The door swung the word Principal hollow behind their backs, leaving the only voice chiding in miniature from the desk where the telephone lay, the only face, where nothing had happened framed high on the wall there all this time to change the expression unchanged by a boy's lifetime at the country's helm "focusing on ideas rather than phrasing" with the plea "let's not forget, above all things,

the need of confidence and that, of course, I think nationally, it is what do you and I think of the prospects, do we want to go buy a refrigerator or something that is going to, that we think is useful and desirable in our families, or don't we? And it is just that simple in my mind."

Dead before their eyes, the clock severed another of the minutes that lacked the hour, —oh. Coming out? asked diCephalis and then, paused pulling at the lateral handle of the door under the word push,

—can I ride you somewhere?

—I'd rather you didn't, Gibbs said holding the door opened for him, stopping to find a cigarette, to pat pockets for the rattle of matches in

a box, gazing up at the Greek letters over the portal as he lit it and then back after the diminuendo of diCephalis' retreat until that reared off in the form of a car aiming its impressively gathered speed at its crippled mate in green parked just outside the gate where with a reassuring look around the blind corner, Leroy motioned him, full career ahead, a course halted shudderingly abrupt as from the green wreck at the curb emerged the amorphous figure of its owner holding a small rolled black umbrella by its handle of simulated birch, recoiling, at that instant, from the flamboyant arrival of diCephalis on the one hand and, on the other, a mail truck from the blind corner that passed like a shot.

—Gosh!

—That, that's mine, that umbrella.

—This? Gosh … And it was handed over on a note of apology given cyclopean definition by the loss of a lens.

—She took it by mistake.

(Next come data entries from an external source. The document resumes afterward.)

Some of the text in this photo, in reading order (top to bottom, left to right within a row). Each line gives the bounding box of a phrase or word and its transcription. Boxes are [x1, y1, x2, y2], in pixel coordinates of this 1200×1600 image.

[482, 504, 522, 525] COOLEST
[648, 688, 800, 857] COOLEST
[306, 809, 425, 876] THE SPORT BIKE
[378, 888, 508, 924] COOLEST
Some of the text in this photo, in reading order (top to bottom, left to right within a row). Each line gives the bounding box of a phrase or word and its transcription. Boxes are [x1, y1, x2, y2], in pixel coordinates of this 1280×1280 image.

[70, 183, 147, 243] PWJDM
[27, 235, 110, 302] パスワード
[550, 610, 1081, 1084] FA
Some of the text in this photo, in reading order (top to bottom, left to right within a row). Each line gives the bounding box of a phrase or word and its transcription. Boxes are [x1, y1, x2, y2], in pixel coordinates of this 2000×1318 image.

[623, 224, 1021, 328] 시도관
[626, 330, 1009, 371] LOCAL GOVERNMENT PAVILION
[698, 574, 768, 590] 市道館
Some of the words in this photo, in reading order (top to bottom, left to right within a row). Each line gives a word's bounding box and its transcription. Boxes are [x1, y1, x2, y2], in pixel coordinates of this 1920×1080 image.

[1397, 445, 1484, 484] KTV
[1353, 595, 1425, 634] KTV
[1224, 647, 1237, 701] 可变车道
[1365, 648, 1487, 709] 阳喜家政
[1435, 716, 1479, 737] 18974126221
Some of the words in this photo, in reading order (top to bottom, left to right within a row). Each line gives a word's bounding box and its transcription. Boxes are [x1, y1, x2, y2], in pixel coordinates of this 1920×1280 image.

Not mine exactly, my little boy's, diCephalis shouted as the roar of his engine rose. —I took it by mistake … and as he swerved into the open Leroy's smile hung in the rearview mirror, down the block, through the arboreal slaughterhouse of Bur-goyne Street, he kept looking up to the mirror as though it might still be there, even glancing into a wall mirror passing through the studio corridor as if to find it and reflecting no recognition for the face he saw instead, none in fact till he came on three versions of his wife on as many monitoring screens doing what, in another costume and to other music, might have been the concluding swoop of a tango, prompting the director to select a static bit of folk art so that her program ended with an endearing gesture that never left the room.

Telephones right and left lay on desks, hung from cords, berating one another. —I'm looking for this Mister Bast… ?

—You are, eh?

He backed out of the man's way, turned by his wife's emergency and swept in its wake back the way he had come. —Well? What did they have to say? she asked as he swung the car door open for her.

—Who?

—Who! And now look what you've done, torn my sari. Who do you think? she pulled a silk fragment from a tear in the door steel, —the Foundation people, who! About my lesson, my… they saw it didn't they?

—Well not, not exactly all of it, they … he drowned his own voice with a roar of the engine.

—They what? Did they see any of it?

—Well they, of course, yes that part about the waste, the silk waste… ? The engine quieted, absorbed by its engagement with the gears which mounted the shift column in a rhythmical shimmy as the radio warmed.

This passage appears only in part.